Saturday, July 24, 2010

Letting go.

Our house is still on the market.  We had a buyer after the first open house in early June.  She backed out after nearly a month.  Nothing is wrong with our house; she didn't get an offer on hers after just 2 weeks and panicked.  She felt overextended and pulled her house off the market.

I've been working very hard to let go of my anger, resentment, and negative energy over this.  Part of me felt that offer was too good to be true, but I still trusted that buyer.  She said she loved the house and really did want it.  But her actions have screwed us over.  Out of consideration for her and her offer, we did not aggressively market the house for that month.  Once she pulled out, we needed to launch back into action.  And now I worry that our house has the inaccurate reputation of "well, it's been on the market for 48 days so something must be wrong with it."  

Because I basically suck at not being able to control a situation, I've been searching for anything to help me feel as if I am helping the process along.  We continue to do the minor repairs and touch-ups that don't really make or break the sale of a house, but make us feel as if we've left nothing to chance.  We've buried Saint Joseph upsidedown next to the "For Sale" sign and I've searched for blessings that are meant to attract buyers and/or inspire a quick sale of a property. 

While all the blessings and props vary, they share a recurrent theme of clearing the house of the existing energy, letting go of the house and the fear of the sale, and allowing the house to seek and accept new energies/occupants.  There's nothing in the blessings about buyers; it's all about the current owners letting go.  So I'm wondering if my stress about the process and my annoyance toward that first buyer is getting in the way of an offer.  I don't mean a direct link, but maybe the energy of this house is disrupted by my negativity and instead is directing itself toward caring for me and my family, as it's done for 11 years. 

I was a talking to a friend yesterday about how we search for direction and action in times of despair or confusion. The conversation turned to the idea of appealing to the energies of the Universe, prayers and spirituality, psychic power, and vision boards. She told me that once, years ago, she had a cat who was very anti-social, mean, and destructive. Nothing seemed to help this cat; not a change in diet, full veterinarian exams, or catnip. Even for a cat this one seemed particularly "unhappy" with life. After about a year of trying to connect with the cat, my friend was referred to a pet psychic (she was living in San Francisco at the time). She called the psychic, who apparently didn't need to visit or meet the cat, but over the phone could sense the problem. According to the psychic, it wasn't the cat's issue, it was my friend. The pet psychic advised my friend to let go of negative energies and be more open and welcoming to affection. She claimed my friend subconsciously did not want to own a cat and had thus inadvertently disrupted the natural flow of energy.

My friend thought this was a bit odd, but admitted that she likely wasn't very appealing to the cat now since she really didn't like the cat anymore.  She chose to give the cat away, and has had better success with other cats since.

This friend tells this story as "proof" that the psychic was just a step away from scam.  After all, it's impossible to prove the psychic was wrong.  But to me it is the essence of cognitive behavioral therapy--by changing our thinking we can change our behavior and vice versa.  And that if we seek change in others we must first change ourselves, because we ultimately can't change another person.  They might change in response to us, but true change is internal.
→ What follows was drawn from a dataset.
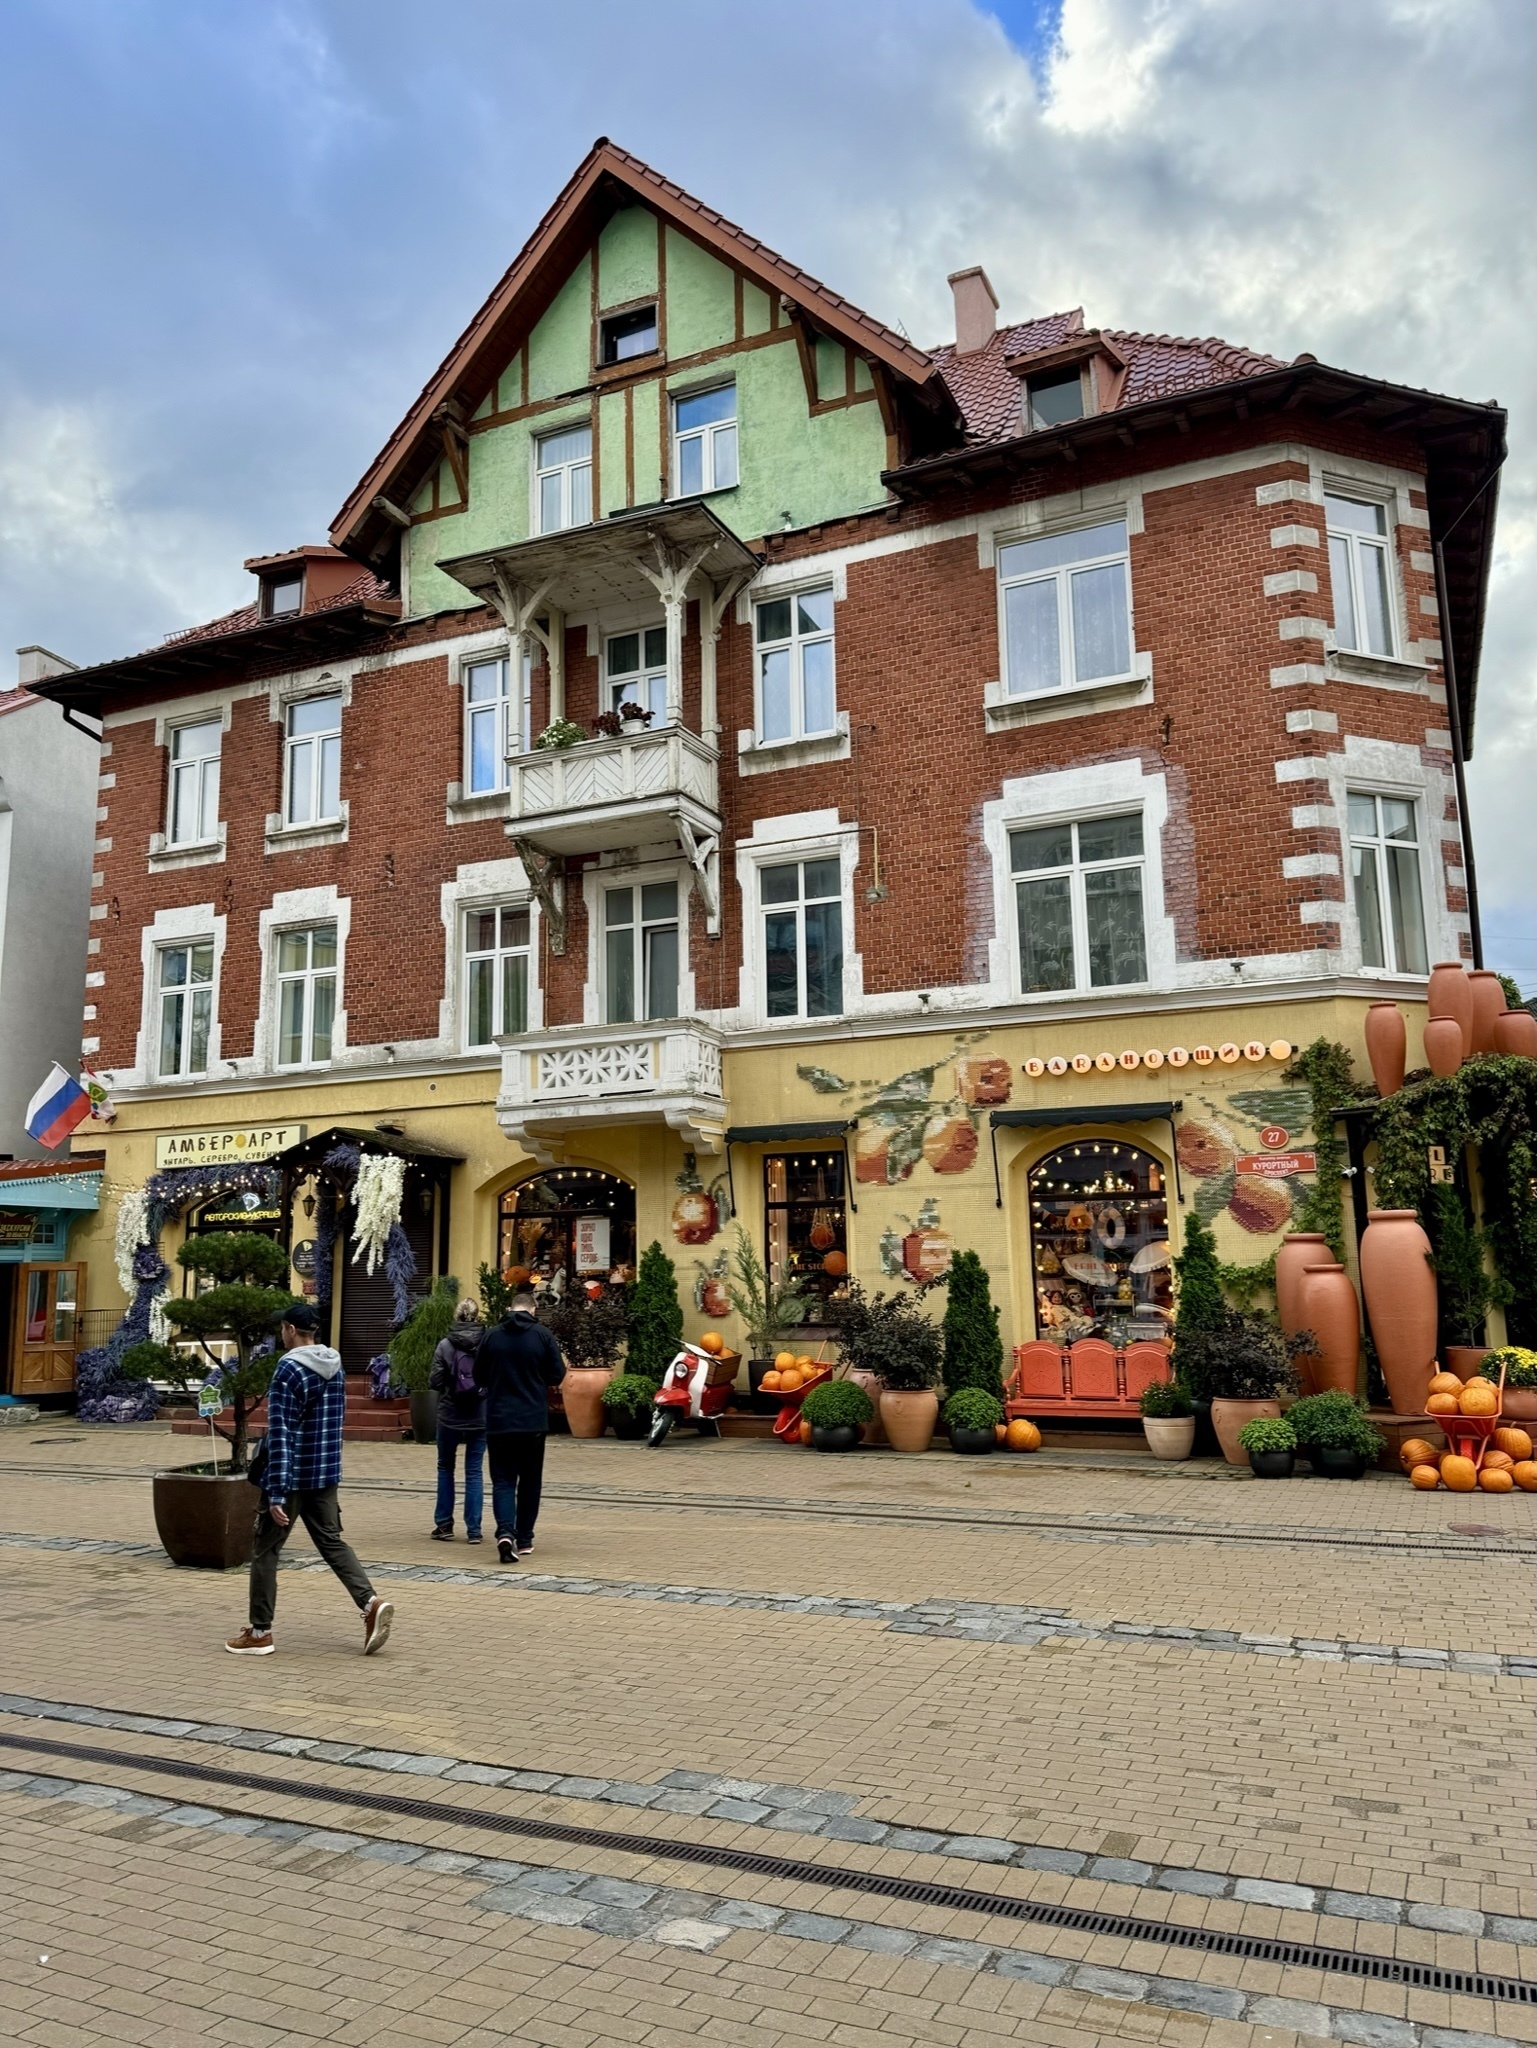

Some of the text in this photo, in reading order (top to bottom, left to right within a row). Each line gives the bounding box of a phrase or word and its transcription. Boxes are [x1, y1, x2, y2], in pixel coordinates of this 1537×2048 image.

[167, 1130, 287, 1154] АМБЕР АРТ
[1267, 1132, 1280, 1142] 27
[1252, 1159, 1299, 1170] КУРОРТНЫЙ
All this leads me back to seeking blessings to attract a buyer.  While some of my external behavior indicates the change is in process (we close on the new house in 9 days and are scheduling movers), maybe I haven't really let go of this house. 

I am encouraged this weekend, though.  I've done some of the blessings, have a smudging ceremony planned for tomorrow morning before the open house, and will burn candles and incense aimed at attracting peace, harmony, and creativity.  And here I publicly forgive that buyer, Ms. J.W at 19 S. St.  I'm sorry it didn't work out.  The house and I forgive you, and are ready to transfer our energies to a new buyer.

Oh, and we're in a waxing moon phase, which is the recommended time for attracting new energies.

A buyer is out there, and I have faith the Universe will direct them to our house this weekend.